*** Block opens ***

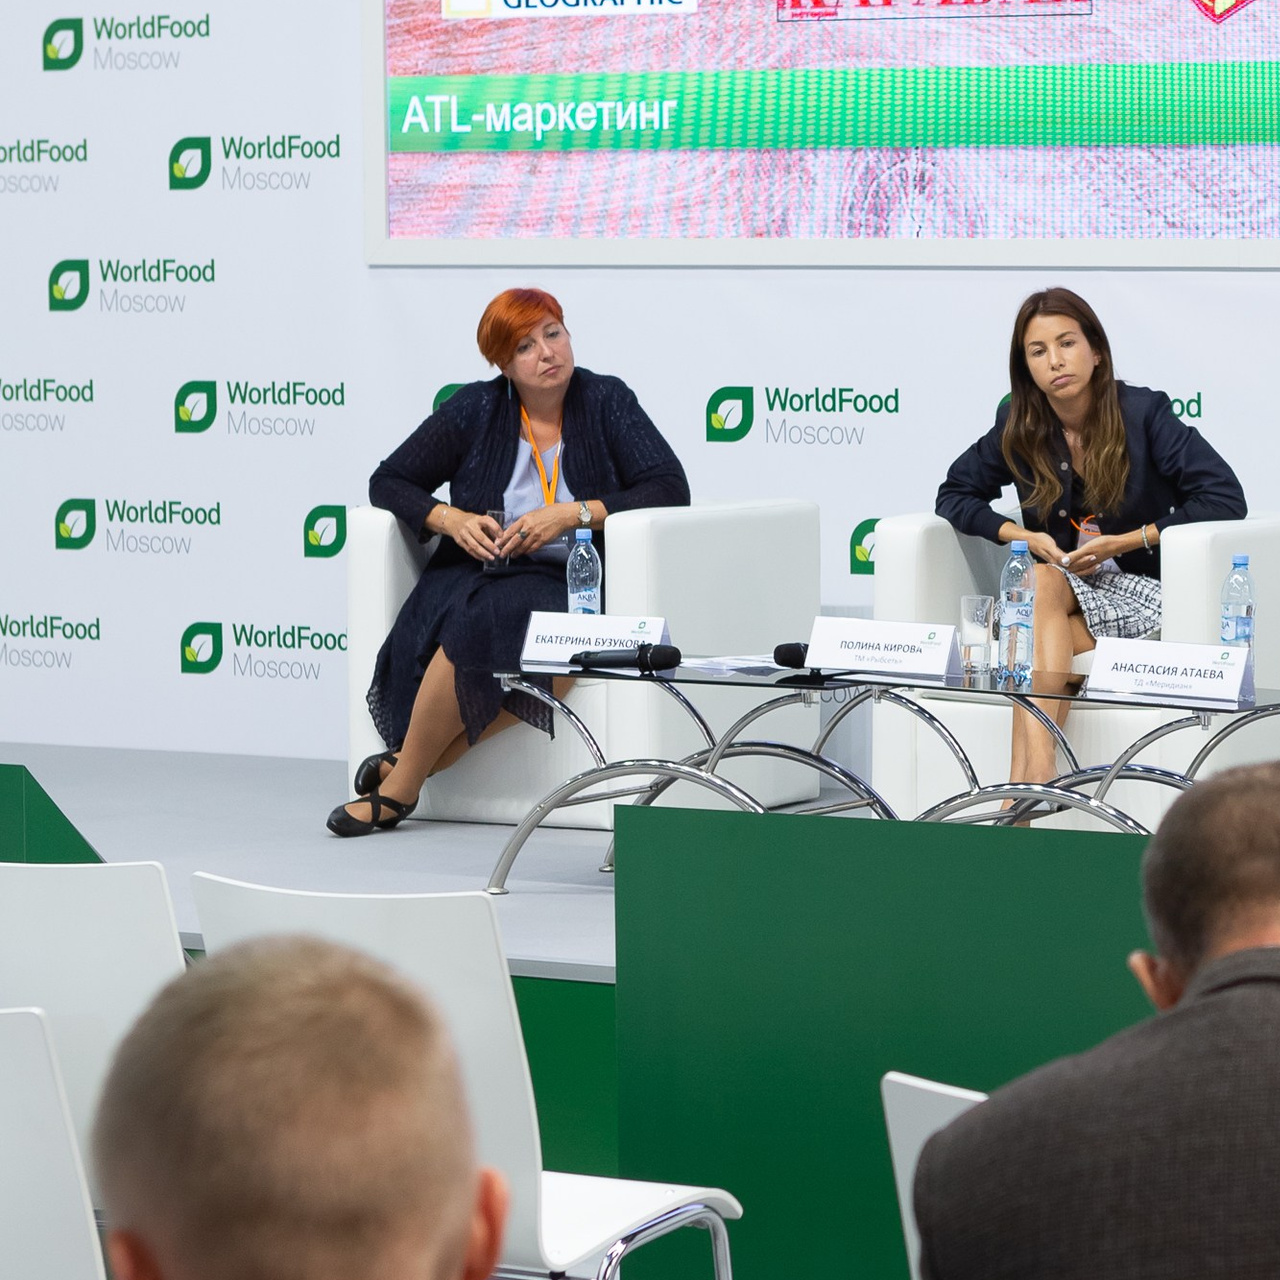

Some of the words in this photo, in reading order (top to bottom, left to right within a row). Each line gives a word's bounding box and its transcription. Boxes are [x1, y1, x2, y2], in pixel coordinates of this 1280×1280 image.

[94, 14, 209, 40] WorldFood
[94, 46, 180, 71] Moscow
[401, 94, 679, 141] ATL-маркетинг
[0, 139, 87, 163] orldFood
[222, 134, 340, 159] WorldFood
[222, 166, 310, 190] Moscow
[99, 259, 215, 282] WorldFood
[100, 288, 186, 313] Moscow
[0, 378, 93, 402] orldFood
[227, 381, 344, 406] WorldFood
[765, 387, 898, 413] WorldFood
[2, 413, 65, 431] oscow
[228, 410, 315, 436] Moscow
[766, 418, 864, 445] Moscow
[106, 500, 220, 525] WorldFood
[106, 528, 191, 554] Moscow
[535, 634, 592, 647] ЕКАТЕРИНА
[594, 637, 646, 649] БУЗУКОВА
[840, 640, 881, 652] ПОЛИНА
[883, 642, 923, 654] КИРОВА
[234, 653, 320, 679] Moscow
[1110, 662, 1179, 677] АНАСТАСИЯ
[1180, 667, 1225, 680] АТАЕВА

*** Block closes ***

### Description of the task
Without the pictures, extract every entry verbatim.

### Result of the task
Some of the words in this photo, in reading order (top to bottom, left to right within a row). Each line gives a word's bounding box and its transcription. Boxes are [x1, y1, x2, y2], in pixel coordinates of this 1280×1280 image.

[94, 14, 209, 40] WorldFood
[94, 46, 180, 71] Moscow
[401, 94, 679, 141] ATL-маркетинг
[0, 139, 87, 163] orldFood
[222, 134, 340, 159] WorldFood
[222, 166, 310, 190] Moscow
[99, 259, 215, 282] WorldFood
[100, 288, 186, 313] Moscow
[0, 378, 93, 402] orldFood
[227, 381, 344, 406] WorldFood
[765, 387, 898, 413] WorldFood
[2, 413, 65, 431] oscow
[228, 410, 315, 436] Moscow
[766, 418, 864, 445] Moscow
[106, 500, 220, 525] WorldFood
[106, 528, 191, 554] Moscow
[535, 634, 592, 647] ЕКАТЕРИНА
[594, 637, 646, 649] БУЗУКОВА
[840, 640, 881, 652] ПОЛИНА
[883, 642, 923, 654] КИРОВА
[234, 653, 320, 679] Moscow
[1110, 662, 1179, 677] АНАСТАСИЯ
[1180, 667, 1225, 680] АТАЕВА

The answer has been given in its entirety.